Efforts to prevent smallpox were reported as early as the 10th century in China; the modern approach to vaccination was introduced in 1796 by Edward Jenner.  Yet real progress in eliminating this scourge did not occur until mandatory vaccination began to be introduced in England and the US in the mid-19th century.  The reason is that smallpox, like many other highly transmissible infectious diseases, requires only a small number of susceptible individuals to remain viable in a population.  Unless everyone, or nearly everyone, is immune (either from prior infection or vaccination), the disease will persist and rear its ugly head as immunity wanes over time.

Fast forward to 2017.  Smallpox is gone, but other potentially epidemic diseases like measles remain.  And in our current climate of alternative facts and science denial, vaccines are under suspicion, raising the specter of a resurgence of dangerous, yet easily preventable infections.  There are two underlying issues, one scientific, and one philosophical.
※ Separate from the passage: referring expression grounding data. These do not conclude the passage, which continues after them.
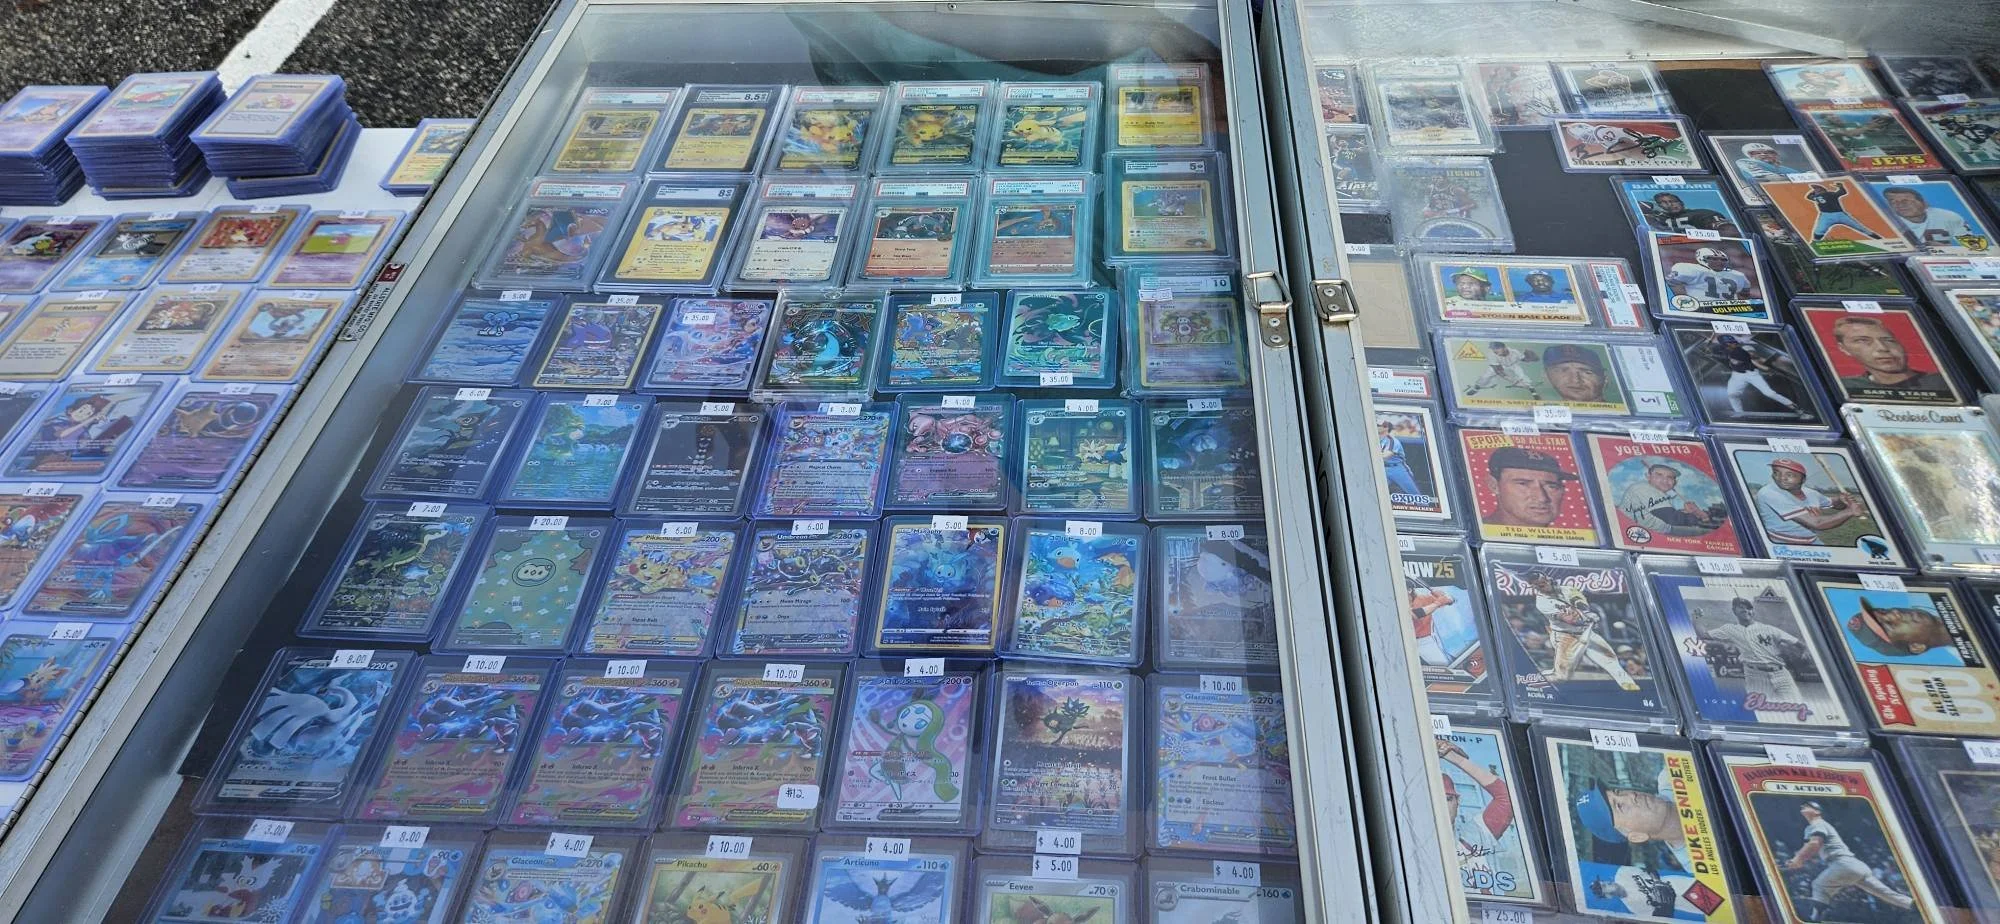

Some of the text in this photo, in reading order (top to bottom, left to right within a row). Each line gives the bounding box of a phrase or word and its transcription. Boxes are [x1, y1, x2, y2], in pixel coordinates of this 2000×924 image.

[1871, 154, 1926, 167] JETS
[1214, 279, 1227, 288] 10
[1703, 276, 1738, 301] 13
[1712, 305, 1753, 315] DOLPHINS
[1372, 370, 1389, 379] 5.00
[1200, 400, 1218, 409] 5.00
[1877, 408, 1965, 424] Rookie Card
[1614, 442, 1691, 456] yogi berra
[1391, 493, 1430, 505] expos
[540, 517, 563, 526] 20.00
[944, 521, 962, 530] 5.00
[1221, 530, 1239, 539] 8.00
[1527, 527, 1578, 535] WILLIAMS
[1552, 552, 1572, 562] 5.00
[347, 654, 368, 665] 8.00
[475, 660, 499, 670] 10.00
[371, 662, 387, 671] 220
[617, 665, 640, 675] 10.00
[919, 665, 939, 675] 4.00
[774, 669, 798, 679] 10.00
[1212, 680, 1237, 691] 10.00
[1604, 734, 1632, 748] 35.00
[1775, 782, 1833, 793] IN ACTION
[1667, 756, 1710, 876] DUKE SNIDER
[399, 830, 422, 843] 8.00
[563, 838, 586, 852] 4.00
[719, 840, 745, 854] 10.00
[882, 841, 904, 855] 4.00
[1037, 836, 1075, 849] $ 4.00
[676, 859, 770, 872] Pikachu 60
[923, 860, 938, 871] 110
[1034, 859, 1072, 872] $ 5.00
[1215, 864, 1255, 879] $ 4.00
[1009, 882, 1107, 896] Eevee 70
[1179, 884, 1280, 899] Crabominable 160
[1496, 909, 1527, 924] 25.00
First, are vaccines safe?  That’s easy.  Yes.  I’m not saying they are 100% risk-free.  There are rare serious reactions such as allergy or Guillain-Barre syndrome, and common but minor side effects like soreness and fever.  But numerous studies have shown that vaccines are at least as safe as almost every other medical intervention known.  And some of the more sensational claims – such as the link between vaccines and autism – have been utterly and thoroughly debunked.

Second, are mandatory vaccines justifiable?  In a free society, shouldn’t people have the right to refuse to be vaccinated for religious or other reasons?  That’s not as easy a question, but in my mind the answer is no.  In the phrase “free society” we tend, in modern America at least, to put too much emphasis on the “free” and less on the “society.”  Living in community with others always requires a balance between individual rights and societal responsibilities.  We accept that we all have an obligation to obey laws that are justly enacted.  We can’t harass our neighbors with loud noises or noxious odors.  We agree to all drive on the same side of the road, and not to get on the road if we’ve had too much to drink.  Why?  Because, as the saying goes “your right to swing your arms ends where my nose begins.”  By living in civil society, we agree to limitations on our individual rights for the protection of the health and safety of others.  Vaccines are the ultimate example of this.  Vaccines not only protect the health of the recipient, they also protect the health of others in the population as noted above.

Allowing individuals to forego vaccines in the name of personal liberty could be justified if the risk were limited to that individual.  But it is not.  If someone wants to enjoy the benefits of society, they need to bear the responsibilities, including the responsibility not to be a reservoir of illness to others.  To paraphrase Oliver Wendell Holmes, Jr., vaccines are the price we pay for civilization.